With CFDLS, clinicians now have the opportunity to explore clinical datasets using cloud-based APIs and GUIs. The ability to understand the complexity of clinical data in combination with code-free platforms will allow clinicians to further explore clinical use cases. Although little coding skills are required to train such bespoken models, the process of data preparation remains to be a major part of such studies. Furthermore, clinicians need to have a good understanding of the importance of labelling, grading, training, well-balanced distributions and potential hidden confounders when developing CFDLS.26 Automated CFDLSs have been shown to perform comparably with bespoke classifiers in ophthalmology and other fields of medicine.
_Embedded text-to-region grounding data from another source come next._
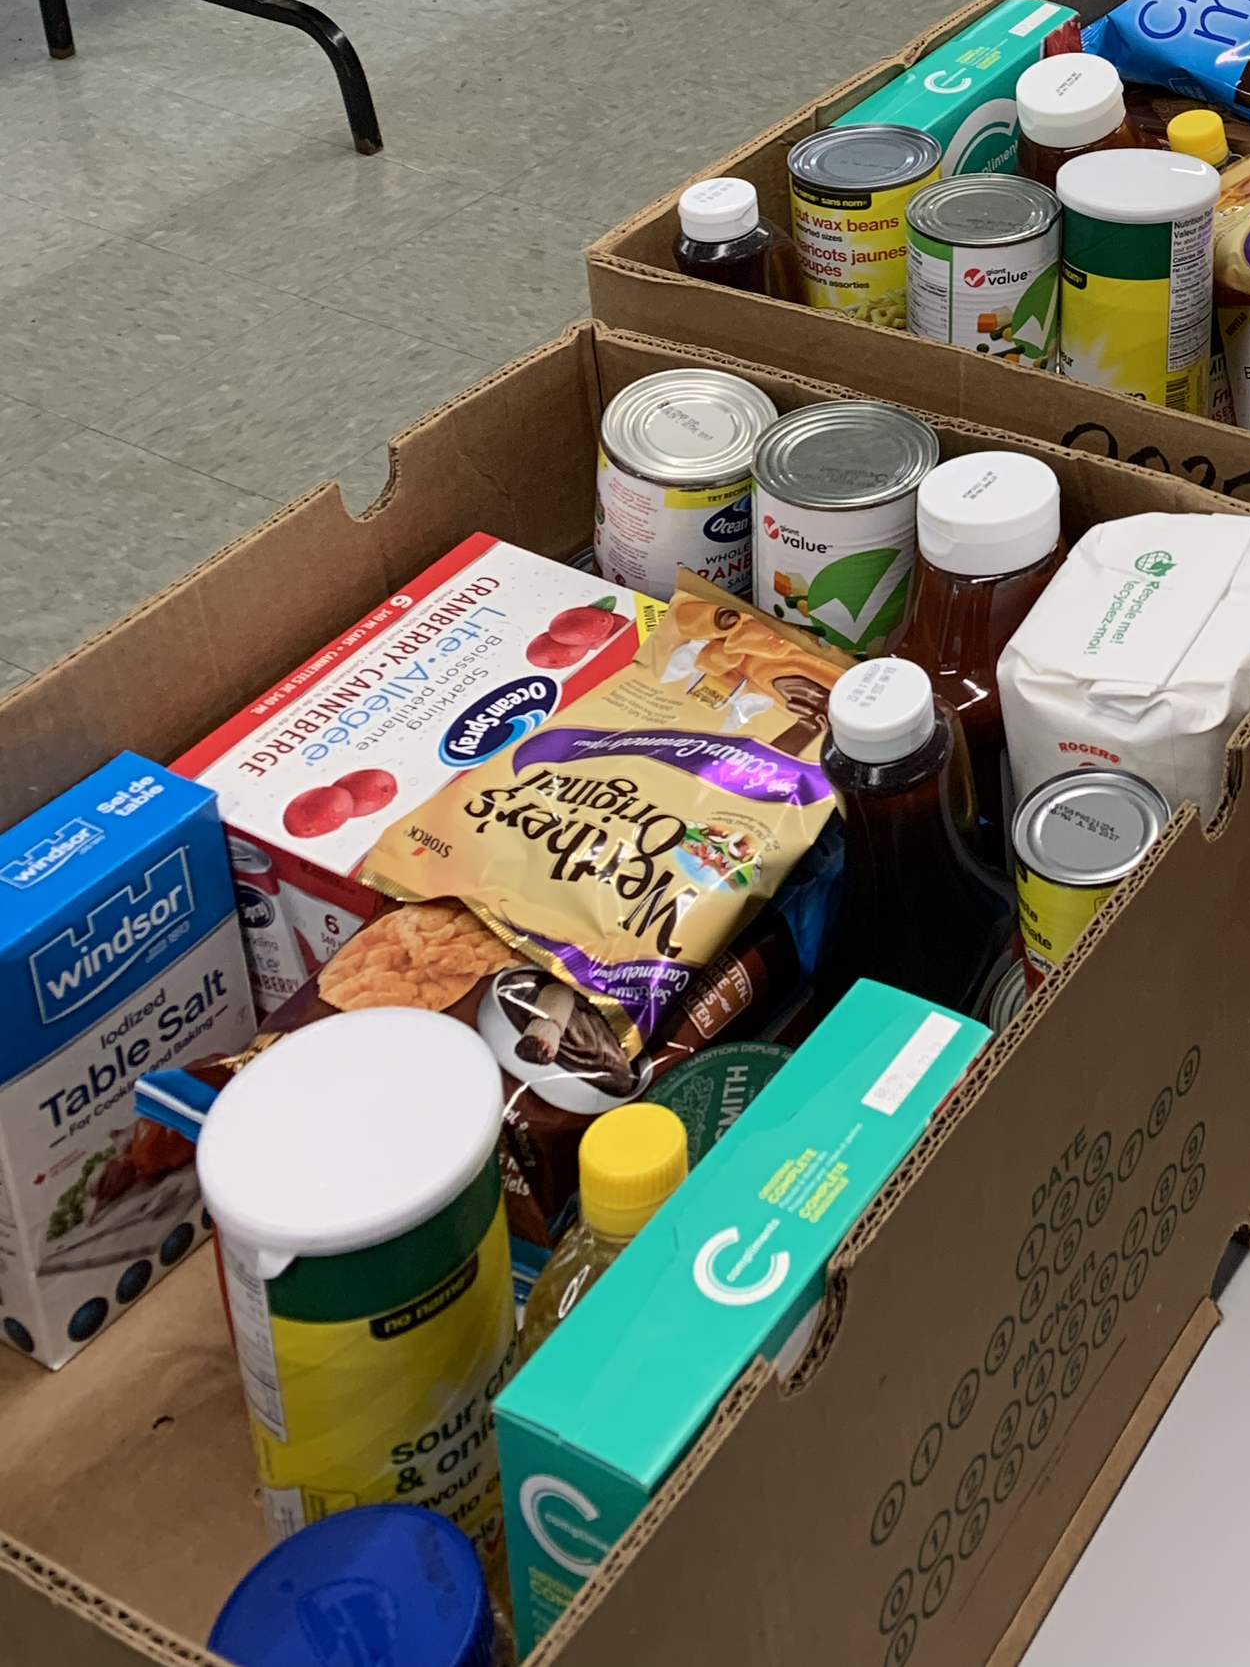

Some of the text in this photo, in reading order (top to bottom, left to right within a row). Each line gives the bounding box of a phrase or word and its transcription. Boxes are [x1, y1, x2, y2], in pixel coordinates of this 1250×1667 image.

[821, 196, 840, 207] sans
[811, 218, 842, 232] wax
[847, 215, 900, 233] beans
[822, 233, 843, 243] sizes
[1174, 214, 1204, 230] Nutrition
[1174, 227, 1196, 239] Valeur
[850, 245, 908, 266] jaunes
[986, 267, 1007, 277] giant
[828, 279, 870, 289] assorties
[988, 270, 1029, 286] value
[707, 493, 722, 503] TRY
[710, 516, 749, 534] Ocean
[780, 523, 800, 536] giant
[705, 544, 751, 566] WHOLE
[781, 535, 828, 554] value
[1112, 580, 1161, 646] Recycle me!
[289, 594, 414, 687] 6 CANNETTES
[238, 576, 500, 777] CRANBERRY CANNEBERGE
[355, 635, 503, 752] Boisson pétillante
[406, 668, 489, 731] Sparkling
[449, 682, 547, 755] Ocean Spray
[612, 736, 779, 791] Éclairs Caramels
[1058, 740, 1122, 765] ROGERS
[96, 775, 155, 815] Sel de
[115, 783, 165, 817] table
[518, 768, 690, 860] Original
[14, 826, 91, 883] windsor
[410, 824, 454, 860] STORCK
[463, 788, 700, 959] Werther's
[47, 885, 183, 1000] windsor
[324, 914, 340, 935] 6
[620, 961, 689, 990] Caramels
[101, 987, 167, 1051] Iodized
[39, 968, 229, 1129] Table Salt
[69, 1016, 214, 1137] For and Baking
[1030, 1125, 1089, 1218] DATE
[726, 1218, 781, 1282] compliments
[383, 1276, 466, 1334] no name
[1011, 1250, 1098, 1390] PACKER
[389, 1396, 477, 1467] sour
[395, 1464, 425, 1497] &
On the other hand, lack of adjustable model architectures during training as well as the ‘black box’ phenomena may serve as limitations.27 As explainability methods still remain to be challenging, Ghassemi et al have argued that rigorous internal and external validations serve as a more achievable goal to evaluate the performance of DL systems.28 Classifiers as developed in this study could help to exclude PCO in triage settings and could be externalised into smartphone-based home screening applications. Once revalidated, it may serve as a decision support tool in a referral refinement process. This proof of concept shows that clinicians can use AI to explore novel applications in ophthalmology outside the classic domains of retinal imaging and glaucoma.
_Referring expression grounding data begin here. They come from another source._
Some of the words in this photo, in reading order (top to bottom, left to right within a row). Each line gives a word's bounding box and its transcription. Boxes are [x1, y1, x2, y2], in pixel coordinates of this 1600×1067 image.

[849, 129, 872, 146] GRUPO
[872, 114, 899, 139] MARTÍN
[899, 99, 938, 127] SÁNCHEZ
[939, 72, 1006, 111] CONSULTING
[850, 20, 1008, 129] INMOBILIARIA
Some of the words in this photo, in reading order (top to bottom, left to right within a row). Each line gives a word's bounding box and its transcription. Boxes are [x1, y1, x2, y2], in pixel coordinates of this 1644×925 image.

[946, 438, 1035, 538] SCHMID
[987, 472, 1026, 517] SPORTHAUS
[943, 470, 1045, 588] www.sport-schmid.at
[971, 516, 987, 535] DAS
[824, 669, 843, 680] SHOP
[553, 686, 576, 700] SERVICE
Error auditing showed interestingly that peripheral PCO was noted in the cases to be predicted as false positive. This could be refined by first incorporating a preprocessing step of peripheral cropping. Second, formal occlusion testing of the periphery would bolster this justification but was outside the remit of this project. The importance of error auditing in AI cannot be underestimated to identify and prevent algorithmic bias both inside and outside of healthcare.29 30
The limitations of our study include the size of the datasets and the setting of a single centre with a mainly Caucasian population. No multifocal lenses were included in the dataset as the curation predated multifocal IOLs. The model design of the CFDLS in terms of model architecture and hyperparameters is not transparent; it has the potential to diminish machine learning explainability even further due to a lack of understanding of the model architectures and parameters used. Preprocessing of the images limits the scalability but could be incorporated in a more user-friendly application prior to incorporation. To explore generalisation, further evaluation using a larger dataset representing a multiethical population therefore is warranted.
In conclusion, we trained a CFDLS to classify between significant and non-significant PCO on retroillumination images with high sensitivity and specificity. Moreover, the CFDLS equaled human expert graders in reliability. This CFDLS for PCO serves as proof of concept to support the decision whether PCO needs to be addressed by yttrium aluminium garnet capsulotomy, possibly even in a teleophthalmological or triage setting.